▸ WHAT YOU WILL DO
Below is a set of records, and all of them should be retyped exactly, minus the pictures.

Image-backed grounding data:
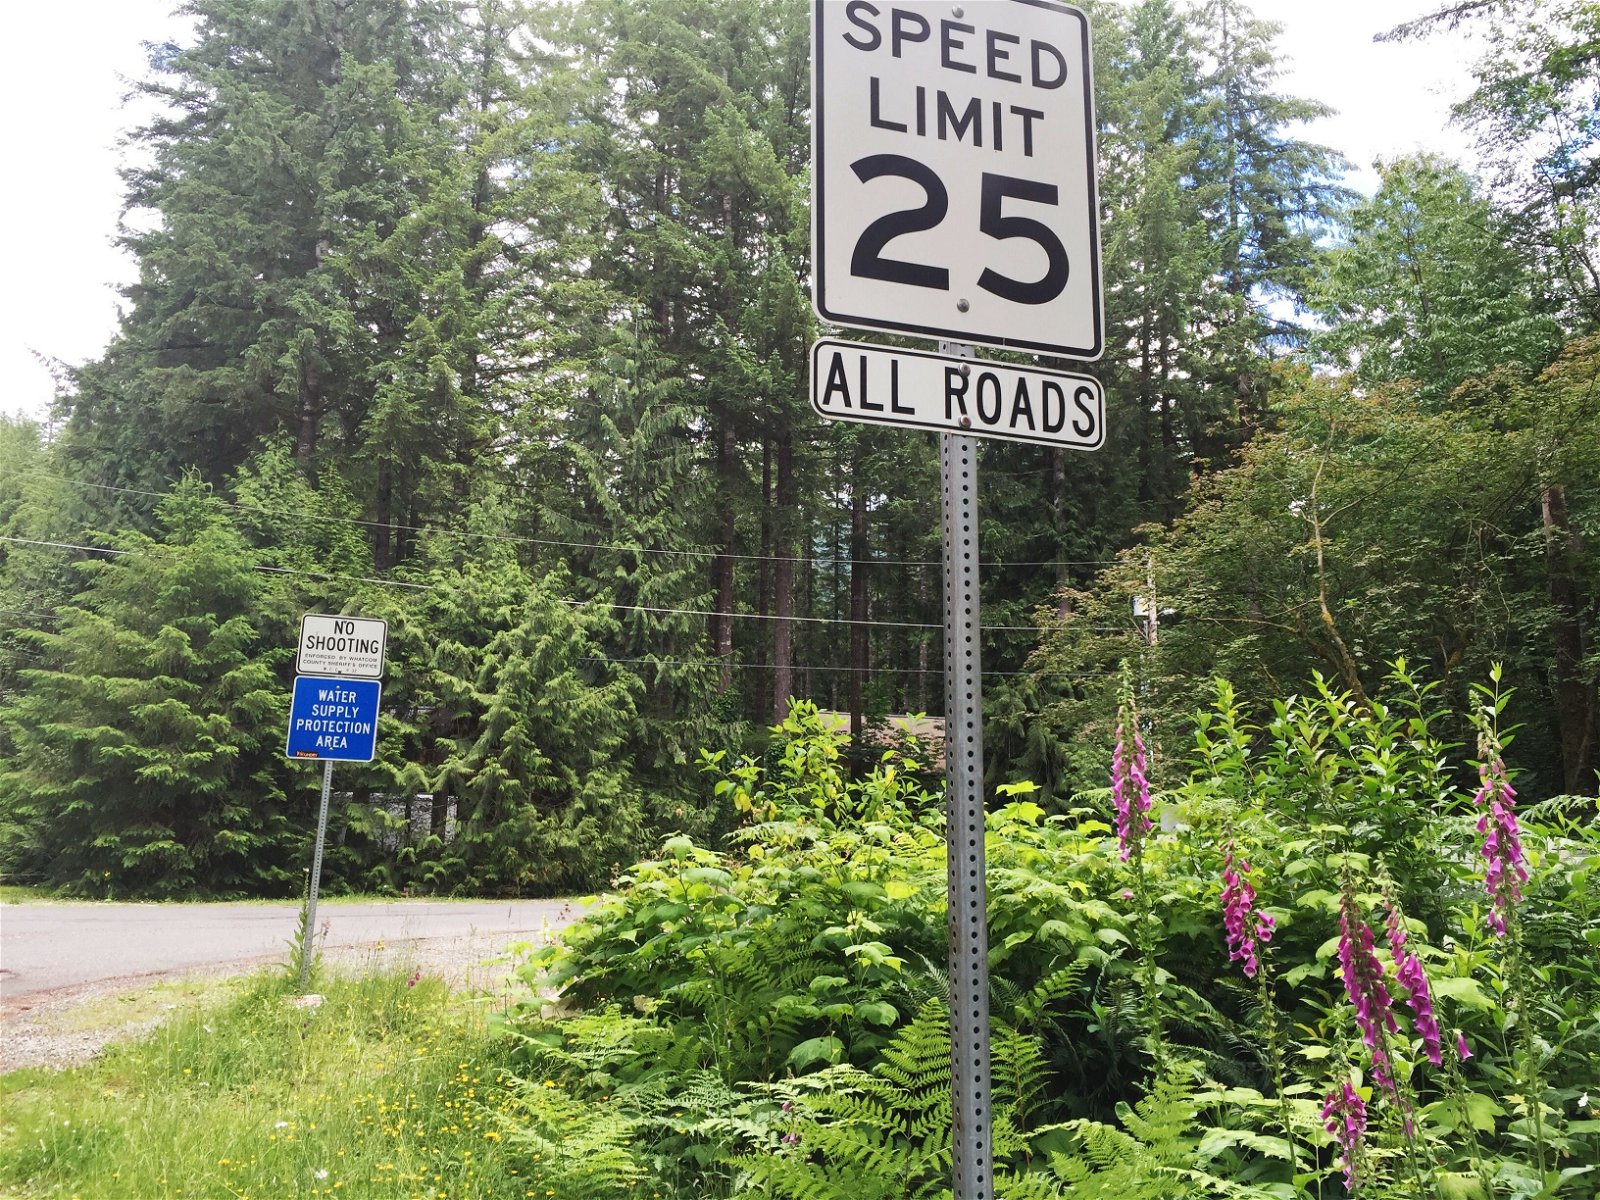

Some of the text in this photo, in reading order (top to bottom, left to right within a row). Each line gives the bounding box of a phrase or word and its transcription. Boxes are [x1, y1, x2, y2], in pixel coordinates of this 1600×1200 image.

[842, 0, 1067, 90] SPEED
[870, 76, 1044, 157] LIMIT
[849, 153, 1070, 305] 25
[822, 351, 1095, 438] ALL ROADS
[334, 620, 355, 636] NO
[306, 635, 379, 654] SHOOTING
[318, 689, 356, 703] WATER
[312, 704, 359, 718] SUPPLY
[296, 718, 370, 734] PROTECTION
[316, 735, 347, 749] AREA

▸ RESULT OF THIS TASK
Some of the text in this photo, in reading order (top to bottom, left to right within a row). Each line gives the bounding box of a phrase or word and its transcription. Boxes are [x1, y1, x2, y2], in pixel coordinates of this 1600×1200 image.

[842, 0, 1067, 90] SPEED
[870, 76, 1044, 157] LIMIT
[849, 153, 1070, 305] 25
[822, 351, 1095, 438] ALL ROADS
[334, 620, 355, 636] NO
[306, 635, 379, 654] SHOOTING
[318, 689, 356, 703] WATER
[312, 704, 359, 718] SUPPLY
[296, 718, 370, 734] PROTECTION
[316, 735, 347, 749] AREA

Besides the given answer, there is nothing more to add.